**Dataset records**
================================

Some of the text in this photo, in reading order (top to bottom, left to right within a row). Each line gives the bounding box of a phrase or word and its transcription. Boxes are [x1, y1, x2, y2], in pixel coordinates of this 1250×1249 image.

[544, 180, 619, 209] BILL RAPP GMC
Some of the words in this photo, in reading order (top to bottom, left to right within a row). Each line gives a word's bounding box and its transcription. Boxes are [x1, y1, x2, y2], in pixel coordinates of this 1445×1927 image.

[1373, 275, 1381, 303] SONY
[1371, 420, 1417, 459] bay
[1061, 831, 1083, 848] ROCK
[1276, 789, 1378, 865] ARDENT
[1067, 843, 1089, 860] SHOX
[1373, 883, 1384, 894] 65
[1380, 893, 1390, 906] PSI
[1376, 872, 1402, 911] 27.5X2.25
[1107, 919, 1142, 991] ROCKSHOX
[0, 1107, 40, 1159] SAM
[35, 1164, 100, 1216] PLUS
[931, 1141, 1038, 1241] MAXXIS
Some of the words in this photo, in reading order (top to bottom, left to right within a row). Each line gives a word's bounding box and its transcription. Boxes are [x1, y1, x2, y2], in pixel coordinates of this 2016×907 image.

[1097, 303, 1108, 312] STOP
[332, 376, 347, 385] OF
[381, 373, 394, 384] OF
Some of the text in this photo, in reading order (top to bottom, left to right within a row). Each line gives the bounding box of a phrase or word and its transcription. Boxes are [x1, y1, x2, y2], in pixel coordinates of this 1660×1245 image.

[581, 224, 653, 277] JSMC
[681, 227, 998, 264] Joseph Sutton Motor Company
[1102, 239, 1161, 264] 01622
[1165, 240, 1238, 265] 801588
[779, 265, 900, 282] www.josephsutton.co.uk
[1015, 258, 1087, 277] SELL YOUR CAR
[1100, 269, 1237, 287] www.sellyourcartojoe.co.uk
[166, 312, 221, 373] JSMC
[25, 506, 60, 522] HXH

================================

All entries above are to be copied exactly, with none left out.

Some of the text in this photo, in reading order (top to bottom, left to right within a row). Each line gives the bounding box of a phrase or word and its transcription. Boxes are [x1, y1, x2, y2], in pixel coordinates of this 1250×1249 image.

[544, 180, 619, 209] BILL RAPP GMC
Some of the words in this photo, in reading order (top to bottom, left to right within a row). Each line gives a word's bounding box and its transcription. Boxes are [x1, y1, x2, y2], in pixel coordinates of this 1445×1927 image.

[1373, 275, 1381, 303] SONY
[1371, 420, 1417, 459] bay
[1061, 831, 1083, 848] ROCK
[1276, 789, 1378, 865] ARDENT
[1067, 843, 1089, 860] SHOX
[1373, 883, 1384, 894] 65
[1380, 893, 1390, 906] PSI
[1376, 872, 1402, 911] 27.5X2.25
[1107, 919, 1142, 991] ROCKSHOX
[0, 1107, 40, 1159] SAM
[35, 1164, 100, 1216] PLUS
[931, 1141, 1038, 1241] MAXXIS
Some of the words in this photo, in reading order (top to bottom, left to right within a row). Each line gives a word's bounding box and its transcription. Boxes are [x1, y1, x2, y2], in pixel coordinates of this 2016×907 image.

[1097, 303, 1108, 312] STOP
[332, 376, 347, 385] OF
[381, 373, 394, 384] OF
Some of the text in this photo, in reading order (top to bottom, left to right within a row). Each line gives the bounding box of a phrase or word and its transcription. Boxes are [x1, y1, x2, y2], in pixel coordinates of this 1660×1245 image.

[581, 224, 653, 277] JSMC
[681, 227, 998, 264] Joseph Sutton Motor Company
[1102, 239, 1161, 264] 01622
[1165, 240, 1238, 265] 801588
[779, 265, 900, 282] www.josephsutton.co.uk
[1015, 258, 1087, 277] SELL YOUR CAR
[1100, 269, 1237, 287] www.sellyourcartojoe.co.uk
[166, 312, 221, 373] JSMC
[25, 506, 60, 522] HXH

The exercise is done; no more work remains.